My partner of 19 years took a two-month course of Mayvret 6 months ago, with few side-effects. (he's had non-symptomatic Hep C for more than twenty-five years)...
After I fininshed my Hep C treatment on Harvoni (with my surprise joint pain and fatigue, and 'coincidental' Osteo-arthritis diagnosis).. he was talked into starting Hep C treatment by his doctor.... and his course of Mayvret was uneventful--until it ended. Then, the 6 am migraines began. The noon headaches and fatigue began. The evenings... well, he was asleep. Until 4 am when he was woken up with a bad headache. This goes on still. (He grew up on a farm in Indiana, and he has never had a cold or a proper headache, as far as I am concerned!) So, this is all new to him. And me. I've had the market cornered on headaches for all these years.
He is a theatrical lighting designer (which means getting up on 12-foot ladders, hanging lights all night and into the morning, on deadline).

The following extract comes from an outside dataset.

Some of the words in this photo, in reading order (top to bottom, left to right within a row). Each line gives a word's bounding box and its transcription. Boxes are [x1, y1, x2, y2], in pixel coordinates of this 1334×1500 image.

Now he has no energy. He gets up, takes a handful of Tylenol, and goes back to bed. (by a handful I mean four half-tylenols). I can almost recall the day he stopped being able to do anything more physical than walking the dog around the block.
I complained loud enough to his doctor in Los Angeles to get him seen, and they did a battery of tests but found nothing. I complained again a month or two later and they have called him but he did not pick up (he was sleeping all day). Also, this
has brought on depression which really feeds into his not wanting to call the doctor back. (also, the doctor is cluless, plus it is a Medi-Cal/Medi-Care insurance situation-- so his doctor has exactly five minutes for him. We're not stupid.).

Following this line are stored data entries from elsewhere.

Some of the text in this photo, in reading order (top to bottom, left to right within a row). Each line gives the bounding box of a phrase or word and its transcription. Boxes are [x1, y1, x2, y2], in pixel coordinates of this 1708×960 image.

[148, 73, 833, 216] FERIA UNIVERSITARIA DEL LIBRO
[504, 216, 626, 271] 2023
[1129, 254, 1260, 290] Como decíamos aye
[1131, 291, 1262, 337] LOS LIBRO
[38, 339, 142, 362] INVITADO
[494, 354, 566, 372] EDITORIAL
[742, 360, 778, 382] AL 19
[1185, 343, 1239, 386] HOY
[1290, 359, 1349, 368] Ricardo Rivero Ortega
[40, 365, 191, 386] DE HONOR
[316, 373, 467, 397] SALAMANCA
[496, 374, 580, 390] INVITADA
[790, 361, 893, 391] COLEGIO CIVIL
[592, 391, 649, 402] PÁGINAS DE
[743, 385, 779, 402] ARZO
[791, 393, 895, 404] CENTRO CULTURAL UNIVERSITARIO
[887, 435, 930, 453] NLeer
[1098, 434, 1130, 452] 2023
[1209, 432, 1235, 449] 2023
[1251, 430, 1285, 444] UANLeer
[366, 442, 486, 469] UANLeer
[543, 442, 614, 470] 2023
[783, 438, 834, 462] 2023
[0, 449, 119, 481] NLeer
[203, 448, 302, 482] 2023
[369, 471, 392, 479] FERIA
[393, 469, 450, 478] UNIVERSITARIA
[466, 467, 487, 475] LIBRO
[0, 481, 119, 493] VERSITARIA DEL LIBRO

I know that side effects are not a doctor's best friend, but I wish I knew what is happening. He used to have boundless energy (and we are old, so energy does not grow on trees). But now he will wake up at 5 or 6 am with a severe headache, and take a bunch of tylenol and go back to bed. Then more headache at noon.
He grew up on a farm and has never had a headache in his life (unlike me).

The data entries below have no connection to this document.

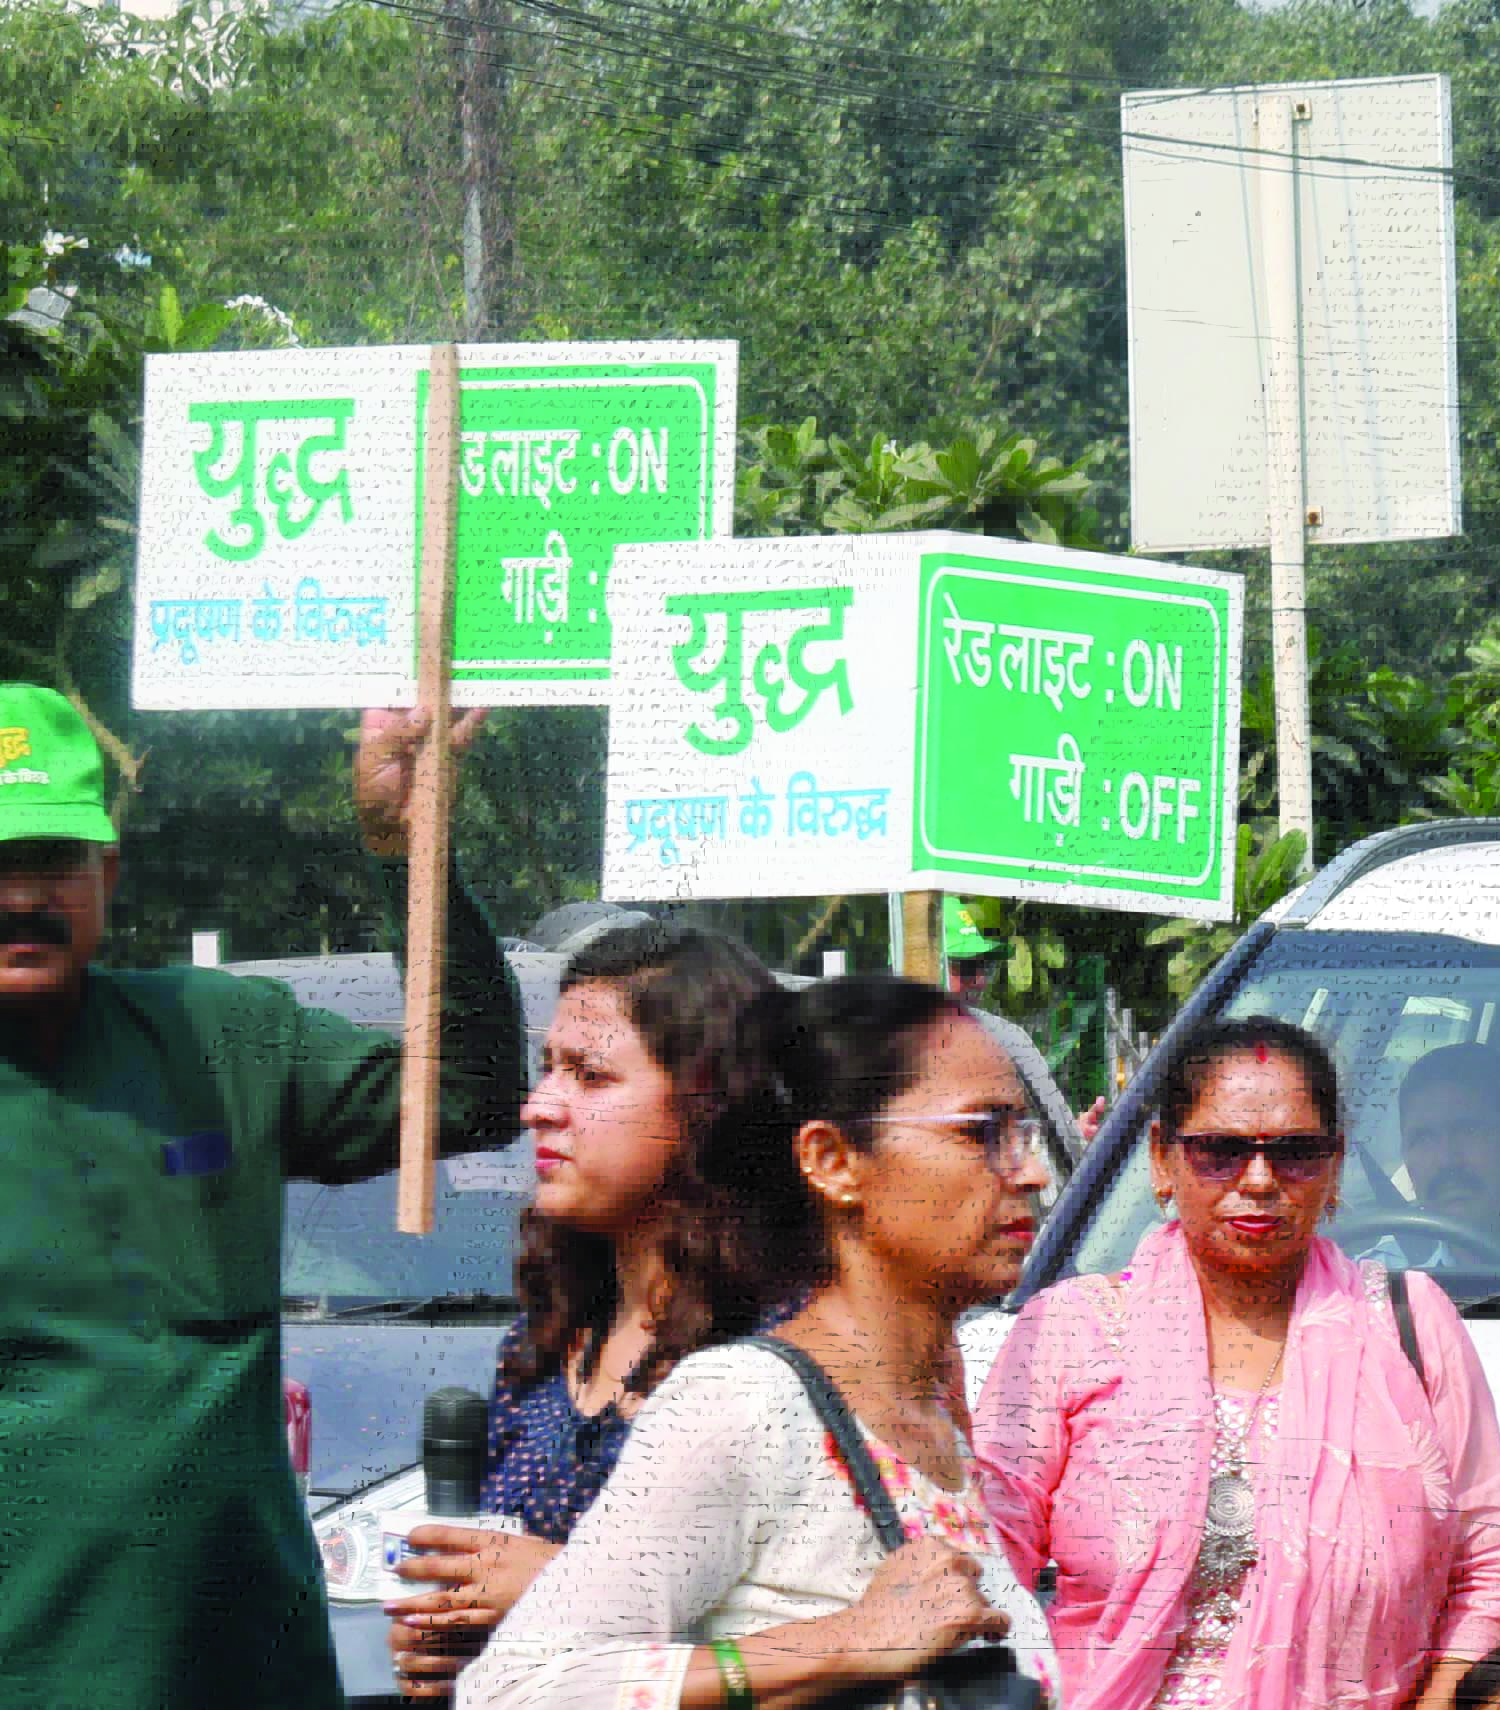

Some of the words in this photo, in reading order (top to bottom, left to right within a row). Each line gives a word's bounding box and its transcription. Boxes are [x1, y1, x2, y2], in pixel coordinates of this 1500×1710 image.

[188, 398, 354, 561] युद्ध
[252, 584, 285, 640] के
[501, 531, 572, 643] गाड़ी
[666, 587, 854, 755] युद्ध
[740, 778, 775, 838] के
[787, 772, 891, 840] विरुद्ध
[1010, 734, 1085, 846] गाड़ी

Why is this happening 3 months out from Mayvret? He says he has enough energy to go one place in the car, and then it drops to zero.
Back in the 90's when I suffered severe headaches (at Kaiser) they gave me Fioricet. Now, nothing like that is even allowed. (the whole "Opiod Crisis!!!")
What is going on with Mayvret? This medication has cost him work, and has ruined his daily life. (Before it, he was asymptomatic Hep-C, so he always put off treatment).
He got talked into this course of medication by a doctor who just may have been worried about his well-being, or pressured to give it out because everyone in the clinic is "on the program." Forgive me if I sound alarmist. There is just no post-Mayvret information out there so far. If there is, please tell me!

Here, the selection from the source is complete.